La bio s’inscrit de plus en plus comme un enjeu majeur de la société, c’est du moins ce qui ressort de la matinée consacrée à la place des aliments biologiques en restauration hors domicile, dans le cadre des 10èmes Rencontres Nationales du Printemps Bio, le 13 juin dernier. 

« Les Français sont en attente très forte de trouver du bio en-dehors de leur domicile », constate Florent Guhl, directeur de l’Agence Bio, suite aux résultats de la première étude nationale de l’Agence Bio / AND International. Ainsi, 80 % de nos concitoyens attendent des produits bios dans les restaurants et 77 % dans les hôpitaux. « Cette demande monte à 89 % quand il s’agit des restaurants scolaires », note Gérard Michaut, président de l’Agence Bio. Ces attentes sont logiquement suivies d’effets avec des « progressions assez raisonnables », se réjouit Florent Guhl, même si la marge de progression est incontestable. Entre 2015 et 2016, la progression de produits bios s’élève à 9,6 % en restauration commerciale et 4,6 % en restauration collective. Si la part de produits bios est encore marginale, cela n’entame pas pour autant la satisfaction du directeur de l’Agence Bio quant au fait qu’« on a passé la part de 50 % des restaurants qui proposent des produits bios ». Ce chiffre atteint même 79 % en milieu scolaire, soit une progression de 18 points depuis 2011, qui s’explique par « une accélération sur ces dernières années ». Toutefois, cette dynamique concerne surtout « des produits et des ingrédients bios », tempère M. Guhl, tandis que des menus entièrement bios ne sont proposés que dans 29 % des établissements. Enfin, ce sont les boissons qui arrivent en tête du marché des produits bios en restauration hors domicile, secteur dominé par le vin et qui représente 21 % en valeur, suivi par « les fruits et légumes frais avec 15 % de cette part de marché », précise le directeur.

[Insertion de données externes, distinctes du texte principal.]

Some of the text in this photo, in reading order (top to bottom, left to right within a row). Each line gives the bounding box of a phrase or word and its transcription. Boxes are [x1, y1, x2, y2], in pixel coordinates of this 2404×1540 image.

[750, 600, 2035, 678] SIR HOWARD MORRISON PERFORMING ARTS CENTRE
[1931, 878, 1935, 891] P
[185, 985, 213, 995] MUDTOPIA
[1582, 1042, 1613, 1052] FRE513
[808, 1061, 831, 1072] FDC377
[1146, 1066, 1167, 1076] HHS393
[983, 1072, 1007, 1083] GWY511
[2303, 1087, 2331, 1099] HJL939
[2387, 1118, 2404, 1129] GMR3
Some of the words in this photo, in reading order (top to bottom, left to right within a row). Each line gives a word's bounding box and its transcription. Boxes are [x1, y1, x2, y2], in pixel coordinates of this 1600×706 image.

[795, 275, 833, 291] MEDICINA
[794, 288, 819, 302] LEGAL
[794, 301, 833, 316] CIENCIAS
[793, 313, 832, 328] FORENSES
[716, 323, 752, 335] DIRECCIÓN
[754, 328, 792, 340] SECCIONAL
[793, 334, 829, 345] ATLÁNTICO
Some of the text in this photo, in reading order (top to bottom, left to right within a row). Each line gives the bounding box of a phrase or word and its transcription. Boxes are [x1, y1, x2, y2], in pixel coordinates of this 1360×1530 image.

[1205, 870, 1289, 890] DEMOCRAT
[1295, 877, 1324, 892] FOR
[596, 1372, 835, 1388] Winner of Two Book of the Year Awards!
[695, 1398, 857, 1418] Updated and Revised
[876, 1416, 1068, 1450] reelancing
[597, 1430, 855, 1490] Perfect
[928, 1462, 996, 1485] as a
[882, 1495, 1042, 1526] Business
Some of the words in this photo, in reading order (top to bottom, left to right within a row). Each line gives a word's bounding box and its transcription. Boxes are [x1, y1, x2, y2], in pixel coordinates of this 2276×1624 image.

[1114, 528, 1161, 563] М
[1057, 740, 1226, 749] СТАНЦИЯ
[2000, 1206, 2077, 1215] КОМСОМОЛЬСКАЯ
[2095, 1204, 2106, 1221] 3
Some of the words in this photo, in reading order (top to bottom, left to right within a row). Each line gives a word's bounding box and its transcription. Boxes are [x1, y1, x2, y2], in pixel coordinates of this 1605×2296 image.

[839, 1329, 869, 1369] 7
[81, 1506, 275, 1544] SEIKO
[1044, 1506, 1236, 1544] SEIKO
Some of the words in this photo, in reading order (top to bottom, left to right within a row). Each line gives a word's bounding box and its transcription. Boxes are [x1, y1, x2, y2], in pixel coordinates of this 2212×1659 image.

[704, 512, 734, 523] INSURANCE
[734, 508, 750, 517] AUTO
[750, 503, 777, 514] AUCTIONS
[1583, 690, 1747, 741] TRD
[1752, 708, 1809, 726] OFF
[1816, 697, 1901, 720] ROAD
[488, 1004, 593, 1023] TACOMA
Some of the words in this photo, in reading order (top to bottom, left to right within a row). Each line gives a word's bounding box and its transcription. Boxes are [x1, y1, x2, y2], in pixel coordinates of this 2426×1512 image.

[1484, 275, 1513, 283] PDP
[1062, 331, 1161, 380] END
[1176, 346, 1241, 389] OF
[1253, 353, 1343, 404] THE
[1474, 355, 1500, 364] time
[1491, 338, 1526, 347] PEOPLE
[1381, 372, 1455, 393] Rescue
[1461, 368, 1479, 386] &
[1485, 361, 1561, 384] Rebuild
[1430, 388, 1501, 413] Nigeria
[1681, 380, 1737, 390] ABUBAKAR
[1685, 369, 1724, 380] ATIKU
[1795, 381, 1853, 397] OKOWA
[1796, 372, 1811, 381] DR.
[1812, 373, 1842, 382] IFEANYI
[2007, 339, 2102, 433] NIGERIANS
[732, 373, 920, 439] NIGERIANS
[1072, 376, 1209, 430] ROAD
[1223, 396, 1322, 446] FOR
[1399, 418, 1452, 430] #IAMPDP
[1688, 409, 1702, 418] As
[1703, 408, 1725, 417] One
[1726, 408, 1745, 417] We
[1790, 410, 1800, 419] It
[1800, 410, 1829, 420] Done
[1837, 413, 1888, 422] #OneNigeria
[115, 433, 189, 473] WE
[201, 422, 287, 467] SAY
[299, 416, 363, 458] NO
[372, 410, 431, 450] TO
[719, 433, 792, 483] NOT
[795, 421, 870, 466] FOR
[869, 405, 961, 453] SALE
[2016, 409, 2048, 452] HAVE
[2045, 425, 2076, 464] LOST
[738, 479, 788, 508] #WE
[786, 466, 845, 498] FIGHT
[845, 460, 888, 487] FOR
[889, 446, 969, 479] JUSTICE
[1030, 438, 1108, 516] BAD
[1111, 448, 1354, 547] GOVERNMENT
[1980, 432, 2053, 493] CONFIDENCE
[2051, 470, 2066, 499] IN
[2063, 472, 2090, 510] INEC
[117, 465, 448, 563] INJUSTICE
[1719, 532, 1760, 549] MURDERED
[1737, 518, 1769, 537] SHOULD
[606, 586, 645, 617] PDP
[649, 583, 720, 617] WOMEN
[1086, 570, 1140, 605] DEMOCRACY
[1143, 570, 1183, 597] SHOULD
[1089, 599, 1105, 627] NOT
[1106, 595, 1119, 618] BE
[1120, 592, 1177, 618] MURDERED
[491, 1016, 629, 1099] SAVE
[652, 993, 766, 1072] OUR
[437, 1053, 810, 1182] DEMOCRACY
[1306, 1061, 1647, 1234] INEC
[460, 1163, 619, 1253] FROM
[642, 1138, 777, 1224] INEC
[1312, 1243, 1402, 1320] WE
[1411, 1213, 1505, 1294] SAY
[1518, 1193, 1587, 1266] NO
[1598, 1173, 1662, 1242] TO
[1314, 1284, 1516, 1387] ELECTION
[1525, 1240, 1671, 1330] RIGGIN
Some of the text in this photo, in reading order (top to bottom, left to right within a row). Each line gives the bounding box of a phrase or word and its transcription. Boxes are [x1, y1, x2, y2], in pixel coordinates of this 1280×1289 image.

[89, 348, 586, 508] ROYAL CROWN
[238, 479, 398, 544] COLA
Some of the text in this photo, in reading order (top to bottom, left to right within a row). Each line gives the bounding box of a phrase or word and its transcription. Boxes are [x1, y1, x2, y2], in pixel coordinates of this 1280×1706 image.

De la qualité à la sauvegarde de l’économie 

« Finalement, le prix le plus bas n’est peut-être pas dans mon intérêt ». Dominique Marmier, président de Familles Rurales, se fait ainsi le porte-parole des consommateurs. « On souhaite tous, je crois […] offrir une alimentation de meilleure qualité », poursuit Florent Guhl. Gérard Schrepfer, chargé de mission alimentation à l'ALLDC (Association Léo Lagrange pour la défense des consommateurs), va plus loin affirmant que « le bio fait aussi sa révolution culturelle », effaçant « l’image du bio pour bobo » de l’imaginaire collectif. Dans cette perspective, même « les gens des milieux populaires […] sont de plus en plus sensibles à la qualité de ce qu’ils consomment », explique Jean-Yves Mano, président de CLCV (association de consommateurs Consommation, Logement, Cadre de vie). D’autre part, faire le choix du bio « c’est aussi la protection des paysages, le maintien d’une filière économique », rappelle Dominique Marmier. Il associe en effet cette filière à « la juste rémunération de tous les maillons », tandis que Florent Guhl souligne le fait qu’il y ait « 78 % des produits bios [en restauration hors domicile] qui sont d’origine française », et jusqu’à « 59 % des produits identifiés comme étant bios et régionaux ». Or, une production locale présente l’opportunité de rétablir le contact « entre l’acte de production, l’acte de transformation et le consommateur », estime le président de Familles Rurales. La reconstruction de ce lien passe par les enfants qui, par le biais du restaurant scolaire, sont rendus « acteurs de la consommation dès le plus jeune âge » et vont ainsi « influer sur les réflexes de consommation des parents », selon Alizée Ostrowski, chargée de mission à la FCPE (Fédération des Conseils de Parents d'Elèves).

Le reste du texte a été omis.